**Task description:** Would you mind restating all of the records word for word, skipping the pictures?

**The data:**
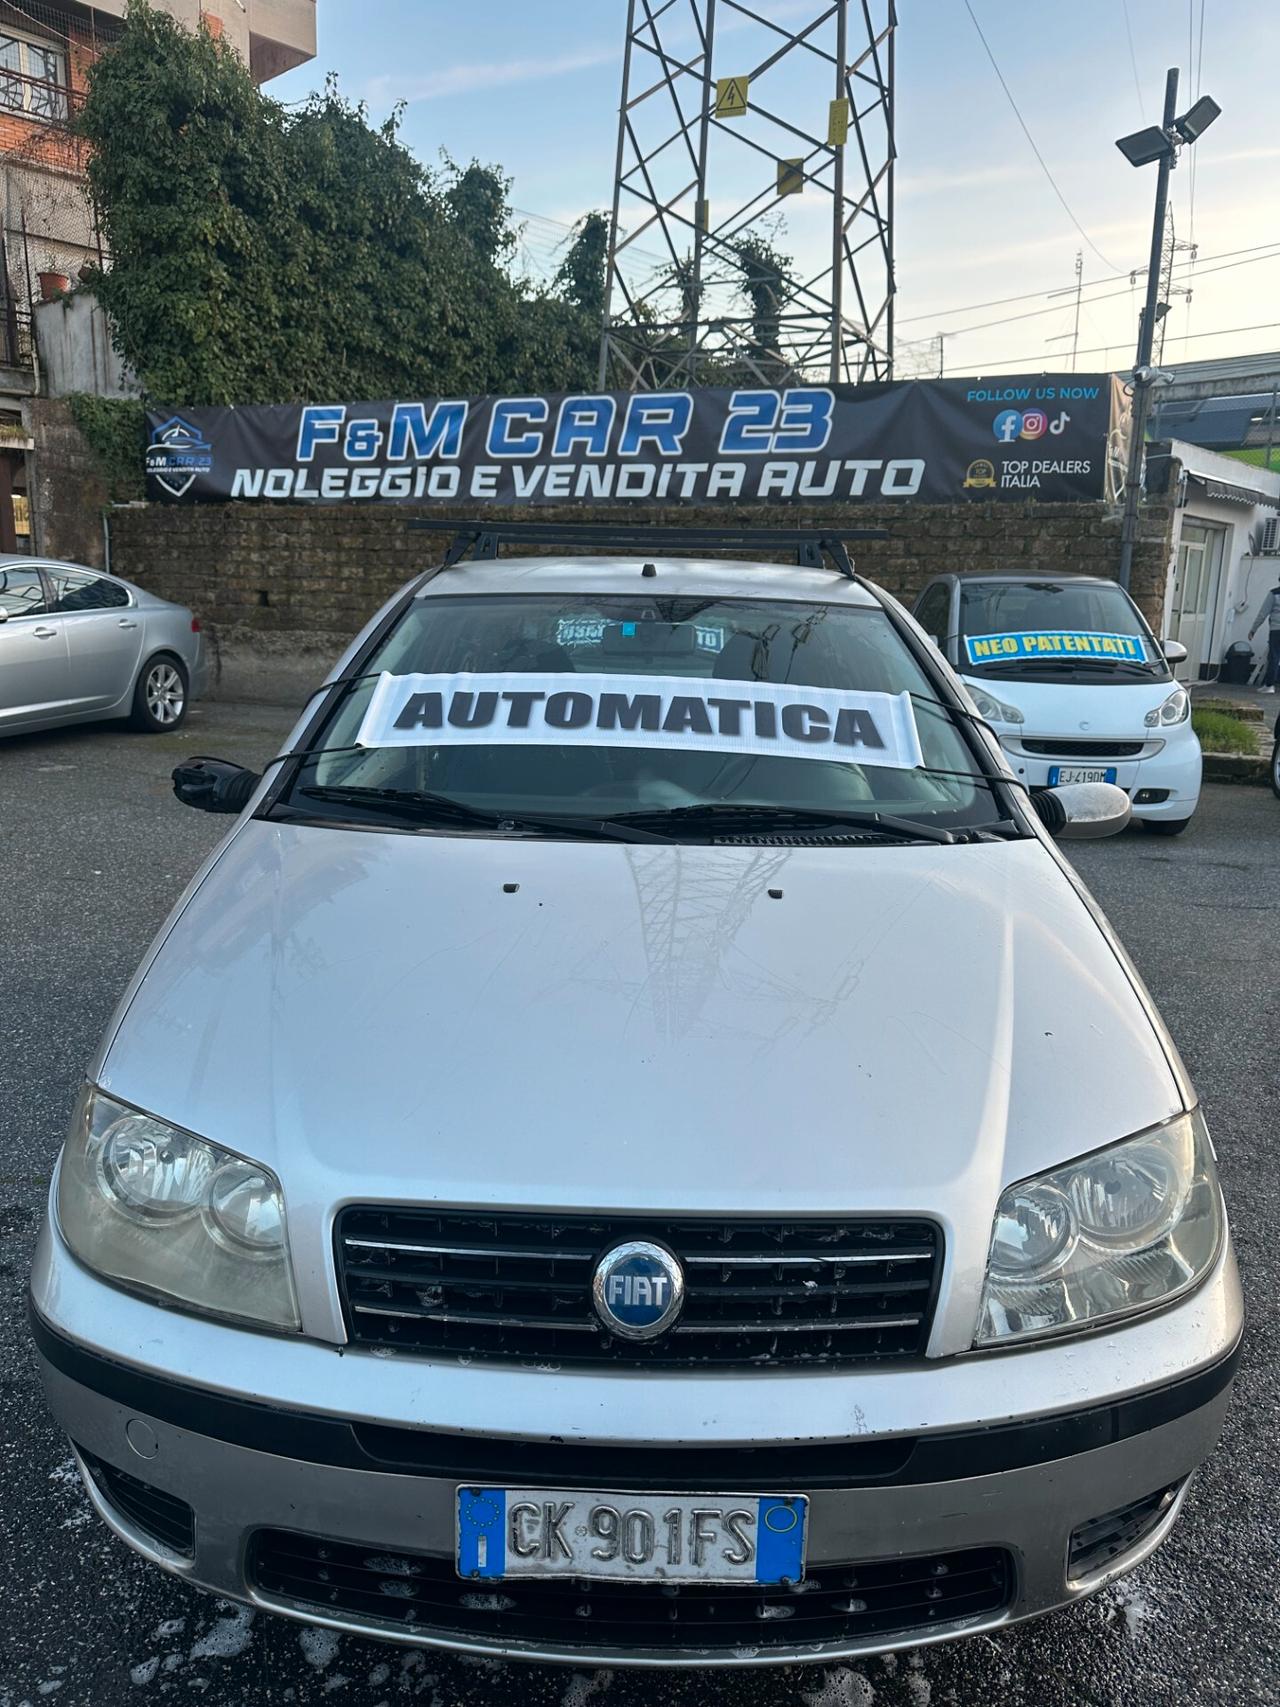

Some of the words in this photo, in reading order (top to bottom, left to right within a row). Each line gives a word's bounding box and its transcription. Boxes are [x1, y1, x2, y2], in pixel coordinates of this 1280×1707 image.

[967, 388, 1031, 402] FOLLOW
[1035, 387, 1055, 399] US
[1060, 387, 1100, 399] NOW
[296, 400, 469, 461] F&M
[485, 392, 694, 458] CAR
[718, 387, 836, 455] 23
[230, 465, 461, 498] NOLEGGIO
[470, 465, 502, 498] E
[512, 462, 747, 498] VENDITA
[757, 458, 926, 497] AUTO
[1002, 460, 1031, 474] TOP
[1032, 460, 1091, 474] DEALERS
[1000, 474, 1041, 488] ITALIA
[974, 637, 1018, 656] NEO
[1022, 635, 1136, 655] PATENTATI
[393, 690, 885, 749] AUTOMATICA
[608, 1275, 668, 1306] FIAT
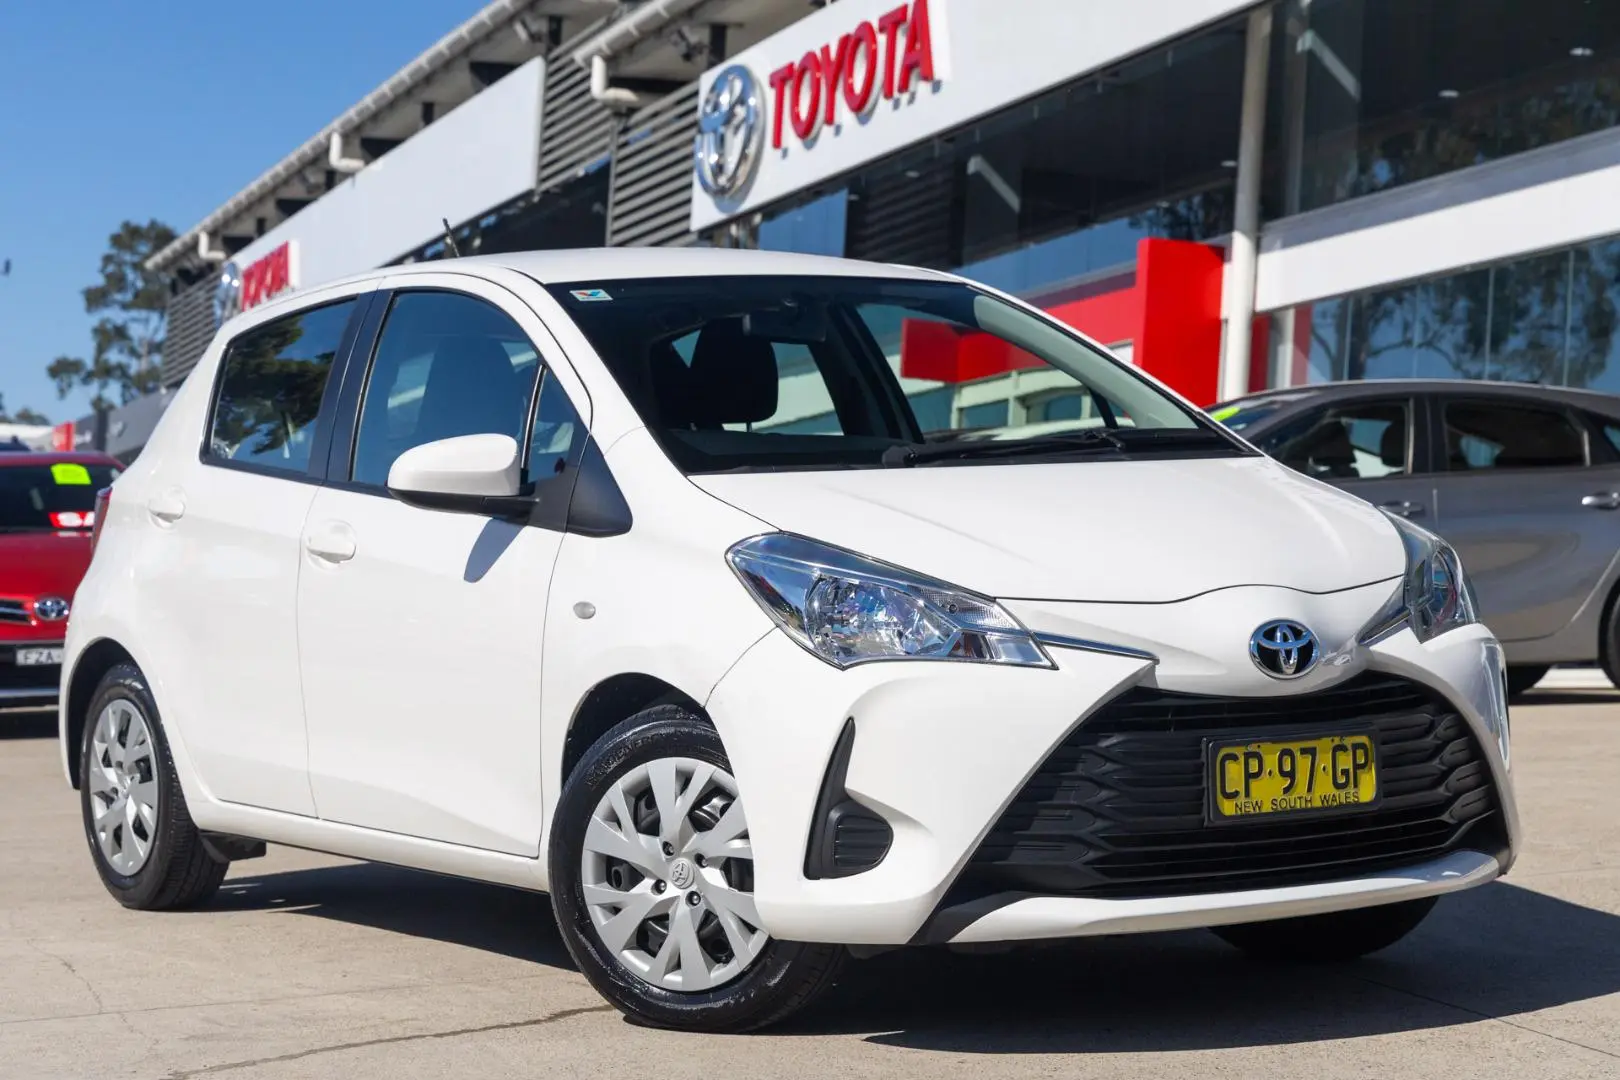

**Task solution:**
Some of the words in this photo, in reading order (top to bottom, left to right within a row). Each line gives a word's bounding box and its transcription. Boxes are [x1, y1, x2, y2], in pixel coordinates of this 1280×1707 image.

[967, 388, 1031, 402] FOLLOW
[1035, 387, 1055, 399] US
[1060, 387, 1100, 399] NOW
[296, 400, 469, 461] F&M
[485, 392, 694, 458] CAR
[718, 387, 836, 455] 23
[230, 465, 461, 498] NOLEGGIO
[470, 465, 502, 498] E
[512, 462, 747, 498] VENDITA
[757, 458, 926, 497] AUTO
[1002, 460, 1031, 474] TOP
[1032, 460, 1091, 474] DEALERS
[1000, 474, 1041, 488] ITALIA
[974, 637, 1018, 656] NEO
[1022, 635, 1136, 655] PATENTATI
[393, 690, 885, 749] AUTOMATICA
[608, 1275, 668, 1306] FIAT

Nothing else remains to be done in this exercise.